**Assignment:**
The whole answer is the data below, retyped exactly.

**Records:**
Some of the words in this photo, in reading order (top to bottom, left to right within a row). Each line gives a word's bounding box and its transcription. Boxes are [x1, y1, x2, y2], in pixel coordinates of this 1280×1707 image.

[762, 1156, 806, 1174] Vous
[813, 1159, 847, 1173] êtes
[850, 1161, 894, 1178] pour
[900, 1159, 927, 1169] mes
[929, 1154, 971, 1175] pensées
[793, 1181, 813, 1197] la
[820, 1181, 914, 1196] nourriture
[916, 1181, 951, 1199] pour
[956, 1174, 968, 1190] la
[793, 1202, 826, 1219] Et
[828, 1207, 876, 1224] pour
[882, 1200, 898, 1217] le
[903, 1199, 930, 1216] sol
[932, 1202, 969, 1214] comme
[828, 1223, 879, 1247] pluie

**Written reply:**
Some of the words in this photo, in reading order (top to bottom, left to right within a row). Each line gives a word's bounding box and its transcription. Boxes are [x1, y1, x2, y2], in pixel coordinates of this 1280×1707 image.

[762, 1156, 806, 1174] Vous
[813, 1159, 847, 1173] êtes
[850, 1161, 894, 1178] pour
[900, 1159, 927, 1169] mes
[929, 1154, 971, 1175] pensées
[793, 1181, 813, 1197] la
[820, 1181, 914, 1196] nourriture
[916, 1181, 951, 1199] pour
[956, 1174, 968, 1190] la
[793, 1202, 826, 1219] Et
[828, 1207, 876, 1224] pour
[882, 1200, 898, 1217] le
[903, 1199, 930, 1216] sol
[932, 1202, 969, 1214] comme
[828, 1223, 879, 1247] pluie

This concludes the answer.